King's Highway

Even at its best, the condition of the route was seldom good. Narrow roads, ruts, mud, obstructions, and poorly maintained bridges and ferries were just a few of the inconveniences to be expected. The section between Wilmington and Charleston was judged by some travelers to be “the most tedious and disagreeable of any on the Continent.”

The King’s Highway, sometimes called the King’s High Road, was a post road that stretched from Savannah, Georgia, to St. George’s Fort on the Kennebec River in Maine, linking all colonies together after 1750. In time of war it was used to move militia, supplies, and British soldiers from one colony to another. The intercolonial road originated as a series of Native American trails, which were joined together and gradually enlarged to support animal, wagon, and stagecoach traffic. The segments were built at different times by the individual colonies during the seventeenth and eighteenth centuries. Even at its best, the condition of the route was seldom good. Narrow roads, ruts, mud, obstructions, and poorly maintained bridges and ferries were just a few of the inconveniences to be expected. The section between Wilmington and Charleston was judged by some travelers to be “the most tedious and disagreeable of any on the Continent.”
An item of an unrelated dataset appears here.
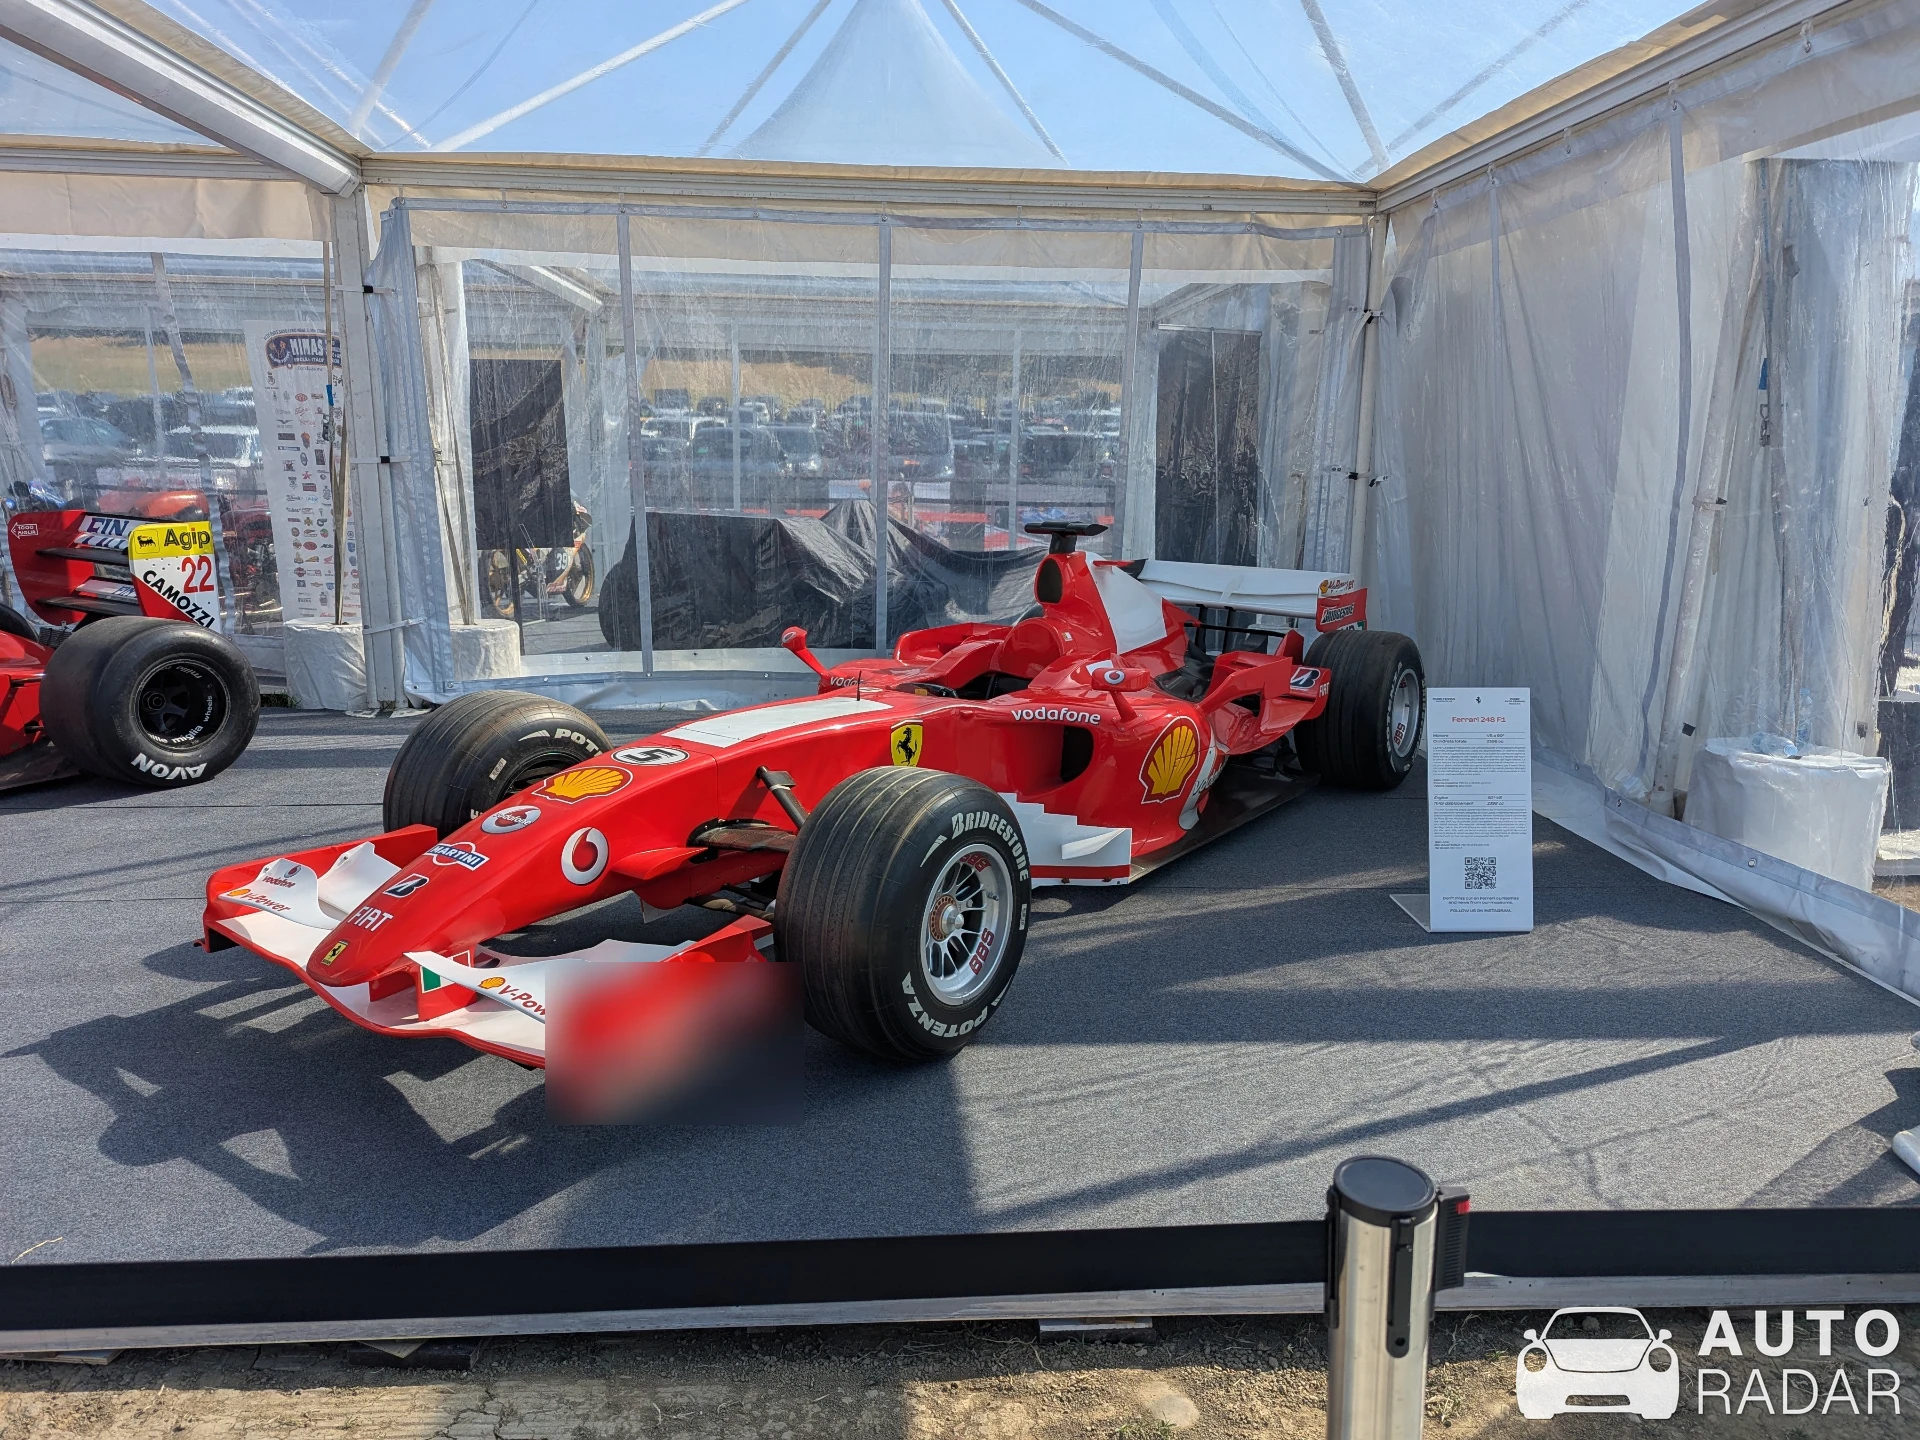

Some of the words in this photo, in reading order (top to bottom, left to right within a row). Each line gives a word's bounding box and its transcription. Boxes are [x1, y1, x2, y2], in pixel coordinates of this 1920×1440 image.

The South Carolina section of the King’s Highway, built between 1739 and 1750, crossed the North Carolina line just above Little River on its way to Georgetown. It then skirted the Santee delta before passing through Jerveyville (McClellanville) to reach Charleston. The route to Savannah likewise followed the higher ground away from the coast in order to avoid the Edisto, Combahee, and Broad River basins and did not pass an important settlement until it stopped at Purrysburg on the Savannah River. While individuals could travel on foot or by horse, wagon, or carriage, the easiest and most economical mode was by post stagecoach. The driver was responsible for repairs and for fresh horses, accommodations, and food, usually to be found at inns every seven to ten miles along the way. In the twentieth century much of this road became utilized as U.S. Highway 17.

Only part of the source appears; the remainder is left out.